**BRIEF**
Each line of the listing must be transcribed exactly, except for the images, which should be excluded.

**SOURCE INFORMATION**
---

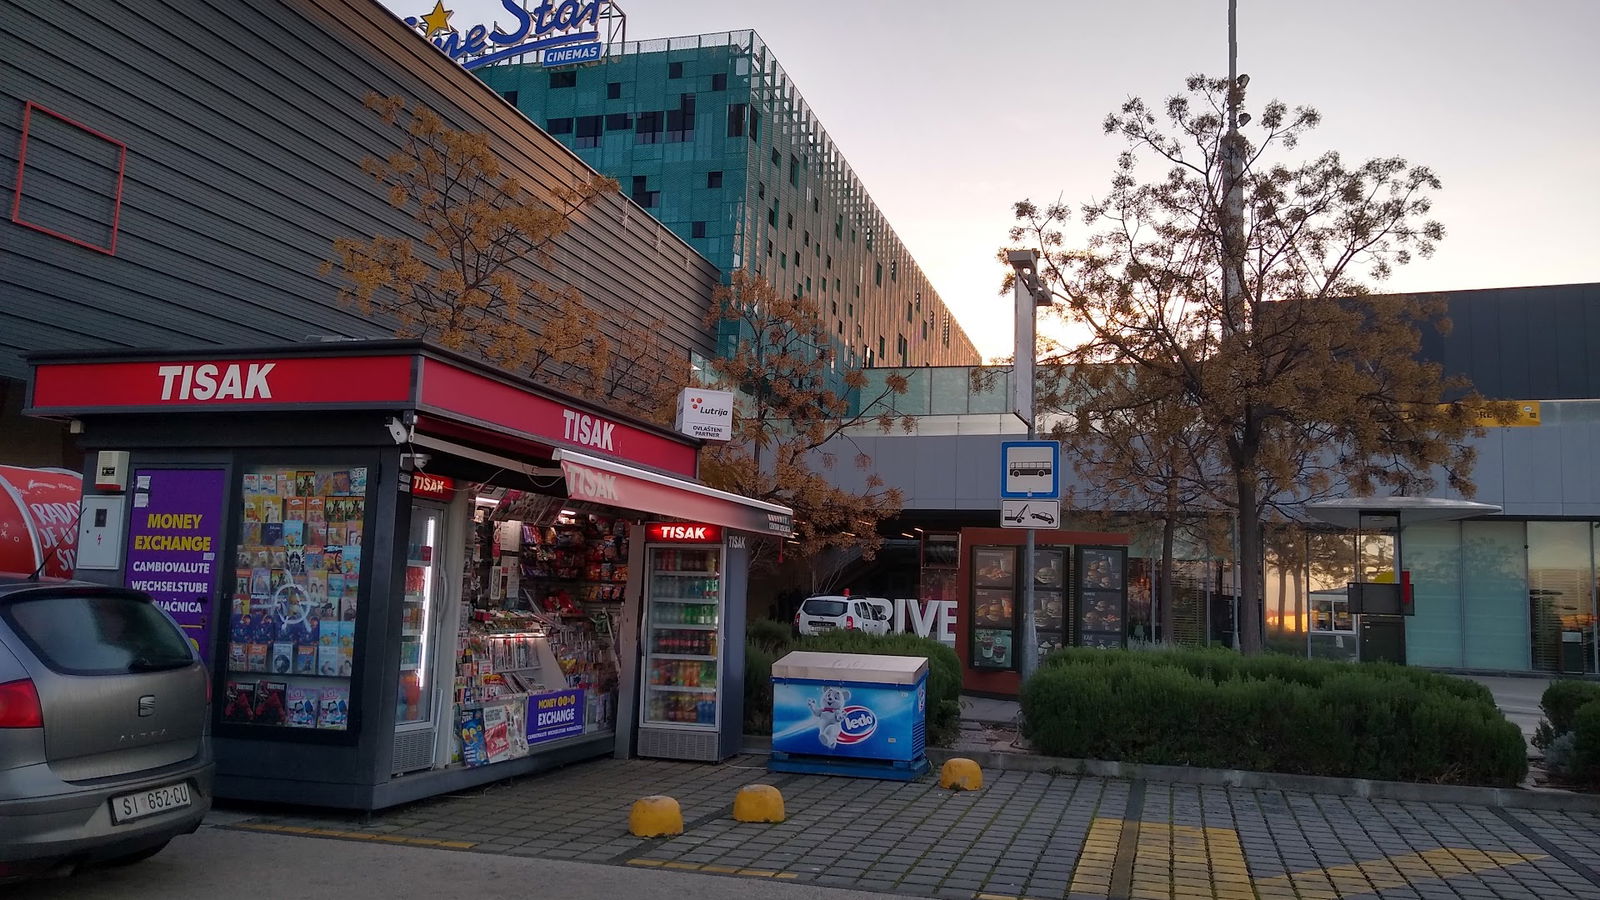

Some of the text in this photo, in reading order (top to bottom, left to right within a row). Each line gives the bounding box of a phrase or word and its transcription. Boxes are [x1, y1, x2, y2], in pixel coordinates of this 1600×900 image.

[546, 46, 597, 62] CINEMAS
[158, 363, 276, 401] TISAK
[700, 406, 728, 417] Lutrija
[563, 409, 615, 451] TISAK
[413, 475, 445, 494] TISAK
[567, 465, 619, 500] TISAK
[147, 513, 203, 529] MONEY
[661, 526, 707, 539] TISAK
[134, 535, 212, 552] EXCHANGE
[728, 535, 747, 549] TISAK
[133, 561, 210, 574] CAMBIOVALUTE
[131, 580, 208, 593] WECHSELSTUBE
[539, 698, 558, 709] MONEY
[537, 708, 575, 726] EXCHANGE

---

**TASK OUTPUT**
Some of the text in this photo, in reading order (top to bottom, left to right within a row). Each line gives the bounding box of a phrase or word and its transcription. Boxes are [x1, y1, x2, y2], in pixel coordinates of this 1600×900 image.

[546, 46, 597, 62] CINEMAS
[158, 363, 276, 401] TISAK
[700, 406, 728, 417] Lutrija
[563, 409, 615, 451] TISAK
[413, 475, 445, 494] TISAK
[567, 465, 619, 500] TISAK
[147, 513, 203, 529] MONEY
[661, 526, 707, 539] TISAK
[134, 535, 212, 552] EXCHANGE
[728, 535, 747, 549] TISAK
[133, 561, 210, 574] CAMBIOVALUTE
[131, 580, 208, 593] WECHSELSTUBE
[539, 698, 558, 709] MONEY
[537, 708, 575, 726] EXCHANGE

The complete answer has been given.